Er seufzte, als wäre ich diejenige, die unvernünftig war. „Lauren, ich hatte einen langen Tag, okay? Ich bin müde und habe wirklich keine Lust, das jetzt durchzukauen.“

„Nein. Du kommst hier nicht einfach herein und tust so, als wäre nichts passiert. Deine Tochter saß den ganzen Abend schick angezogen im Wohnzimmer und hat auf dich gewartet. Sie hat ständig auf die Uhr gestarrt, als würdest du jeden Moment mit Luftballons und Umarmungen durch die Tür platzen. Und du bist nie gekommen.“

Etwas zuckte über sein Gesicht – vielleicht Schuld, vielleicht auch nur Unbehagen. Aber ich sah es. Ich kannte diesen Blick. Er hatte es vergessen. Schon wieder. Genau wie letztes Jahr.

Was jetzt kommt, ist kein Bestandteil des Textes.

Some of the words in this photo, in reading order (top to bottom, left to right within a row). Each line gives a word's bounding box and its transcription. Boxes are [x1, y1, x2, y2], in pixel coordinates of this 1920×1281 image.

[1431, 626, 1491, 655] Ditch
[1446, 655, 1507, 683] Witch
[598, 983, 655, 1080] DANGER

„Sie hat dir die letzten zwei Wochen jeden Morgen gesagt, dass heute ihr Geburtstag ist. Sie hat die Tage auf dem Kühlschrankkalender abgestrichen. Sie hat über nichts anderes mehr geredet.“

„Ich war beschäftigt, Lauren.“

„Beschäftigt womit? So beschäftigt, dass du meine Anrufe nicht annehmen oder auf meine Nachrichten antworten konntest? Du führst dein eigenes Unternehmen, Ethan. Du bestimmst deinen Zeitplan. Du hättest dir Zeit nehmen können, wenn du gewollt hättest. Einen Tag. Einen einzigen verdammten Tag für deine Tochter.“

Er wandte den Blick ab, sein Kiefer spannte sich an. „Ich mache da nicht mit.“

Er drehte sich um, um an mir vorbeizugehen, aber ich streckte die Hand aus, packte seinen Arm und er wirbelte herum. Ein schwacher Duft von etwas Süßem und Unbekanntem lag in der Luft – nicht sein Parfüm und definitiv nicht meins. Und da sah ich es.

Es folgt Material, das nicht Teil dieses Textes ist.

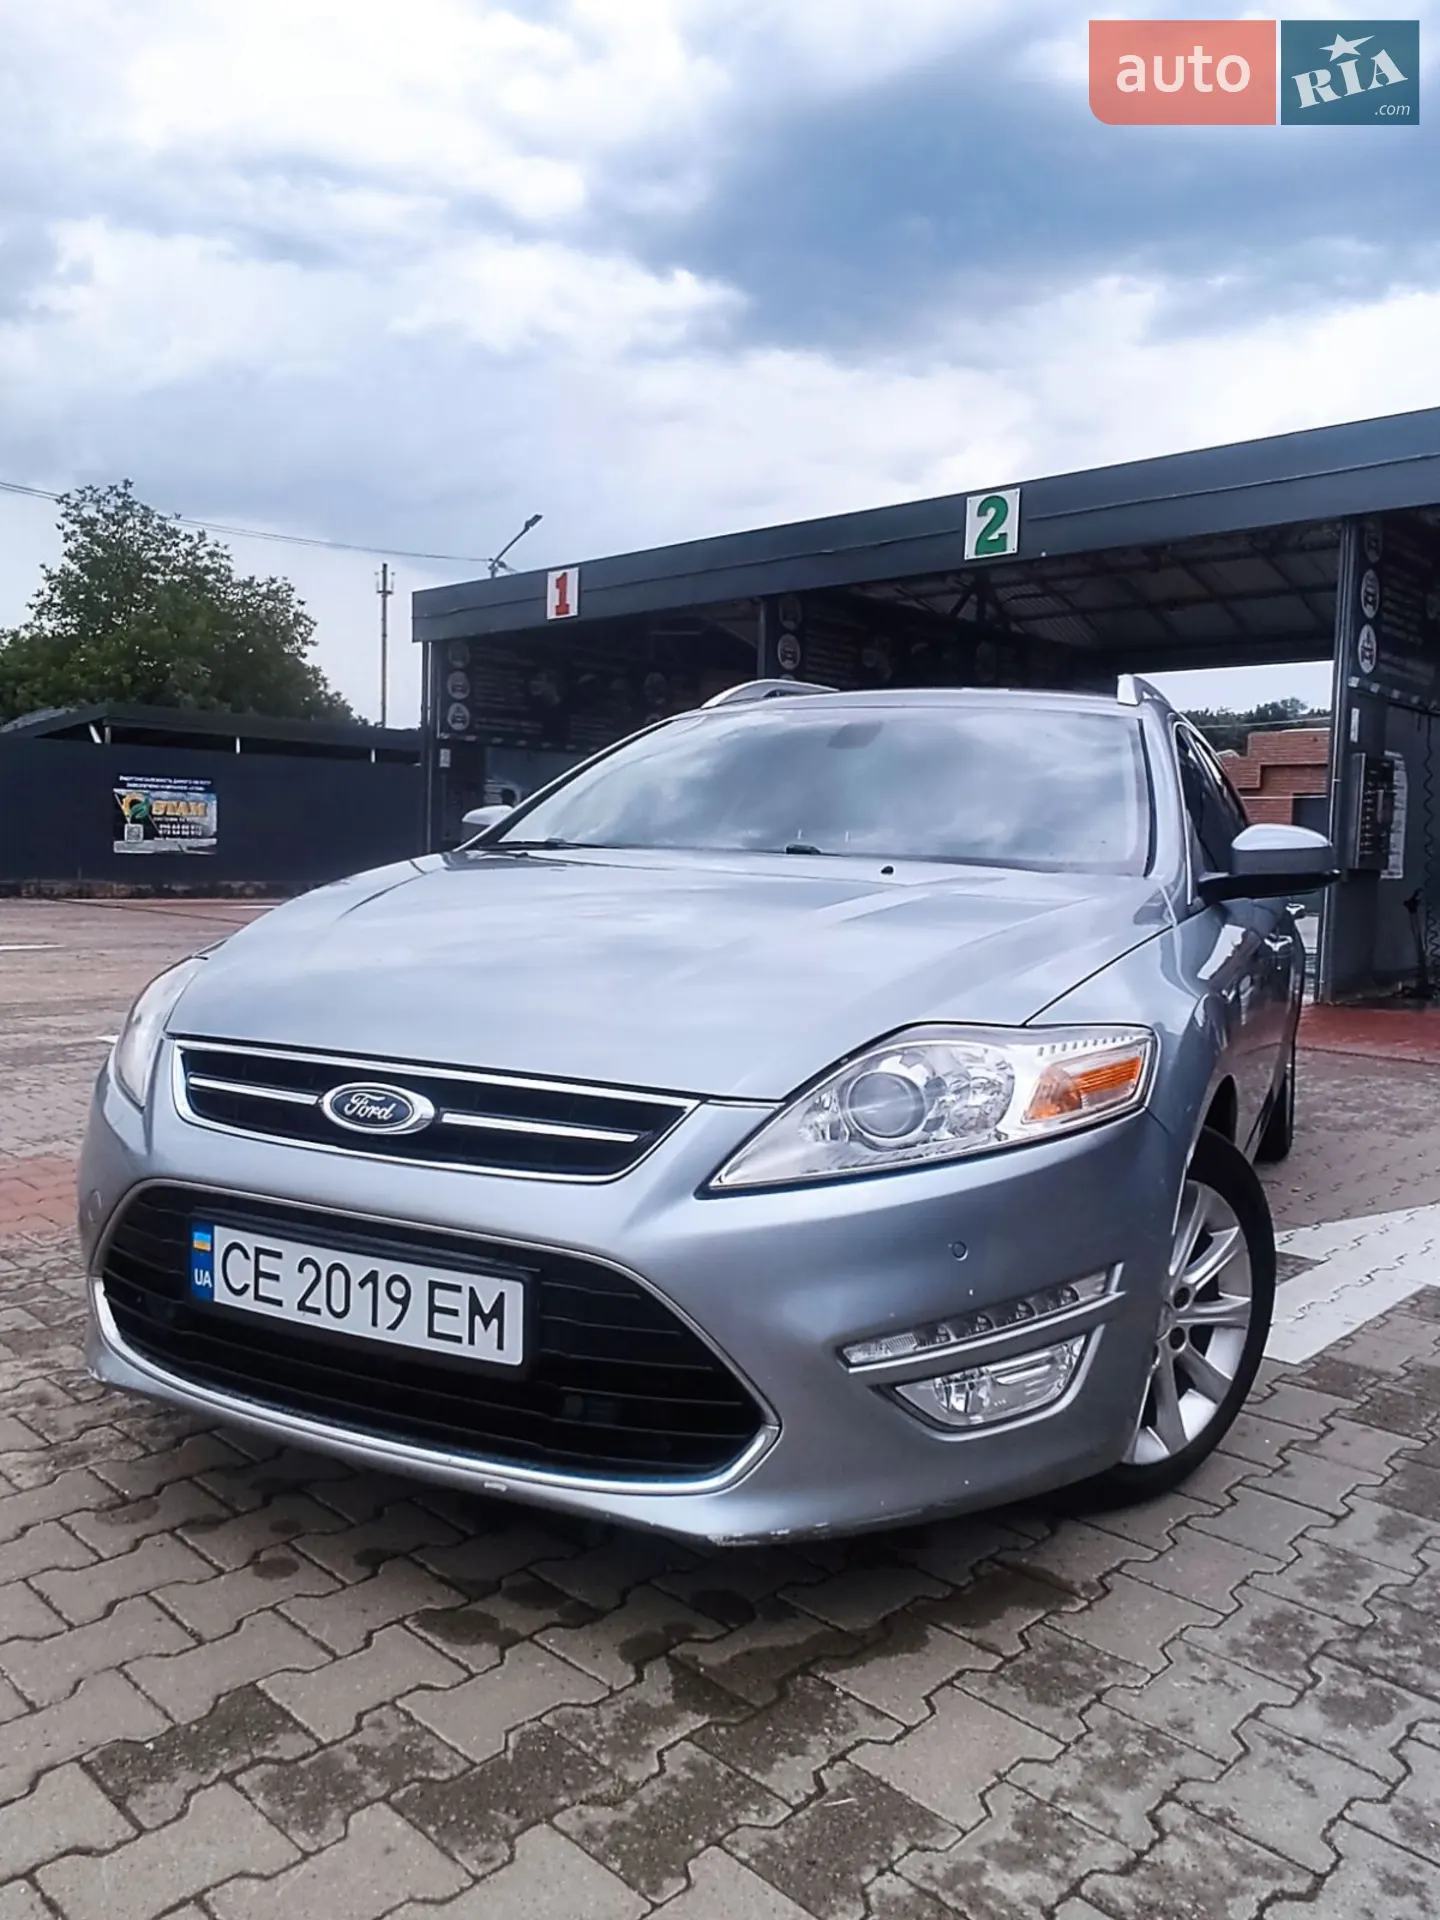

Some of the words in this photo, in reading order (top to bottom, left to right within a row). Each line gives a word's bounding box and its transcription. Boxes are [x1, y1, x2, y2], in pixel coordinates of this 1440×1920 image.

[974, 494, 1009, 557] 2
[555, 571, 570, 617] 1
[344, 1092, 396, 1121] Ford
[193, 1268, 213, 1289] UA
[221, 1241, 284, 1308] CE
[296, 1256, 412, 1332] 2019
[427, 1279, 506, 1351] EM

Ein blasser, rosafarbener Lippenstiftfleck am Kragen seines weißen Hemdes.

Lippenstift.

Ich starrte darauf. Für einen Moment verdunkelte sich die Welt um mich herum, die Stille dröhnte in meinen Ohren.

„Wer ist sie?“, fragte ich, kaum lauter als ein Flüstern.